-------- DATA RECORDS
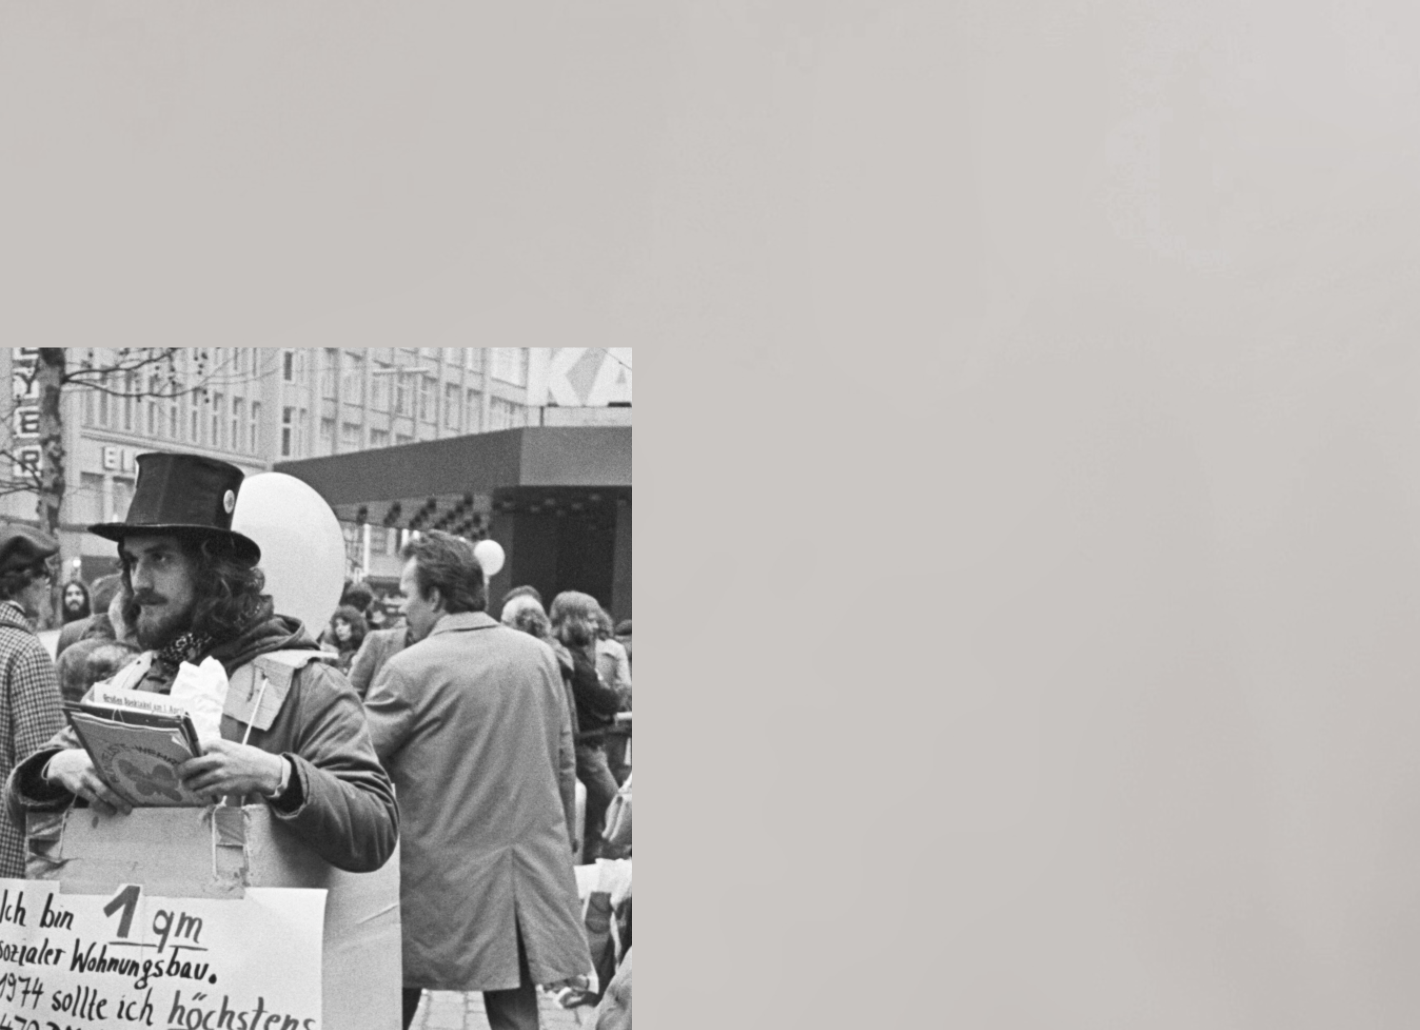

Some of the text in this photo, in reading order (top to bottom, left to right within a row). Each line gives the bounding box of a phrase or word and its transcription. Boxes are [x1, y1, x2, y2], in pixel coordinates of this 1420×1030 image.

[39, 893, 75, 931] bin
[102, 885, 141, 939] 1
[152, 909, 203, 954] qm
[69, 938, 218, 991] Wohnungsbau.
[51, 985, 108, 1021] sollte
[116, 986, 154, 1027] ich
----------------
[TASK DESCRIPTION]: Each record must be set down again without alteration, and no picture may be carried over.

[OUTPUT]:
Some of the text in this photo, in reading order (top to bottom, left to right within a row). Each line gives the bounding box of a phrase or word and its transcription. Boxes are [x1, y1, x2, y2], in pixel coordinates of this 1420×1030 image.

[39, 893, 75, 931] bin
[102, 885, 141, 939] 1
[152, 909, 203, 954] qm
[69, 938, 218, 991] Wohnungsbau.
[51, 985, 108, 1021] sollte
[116, 986, 154, 1027] ich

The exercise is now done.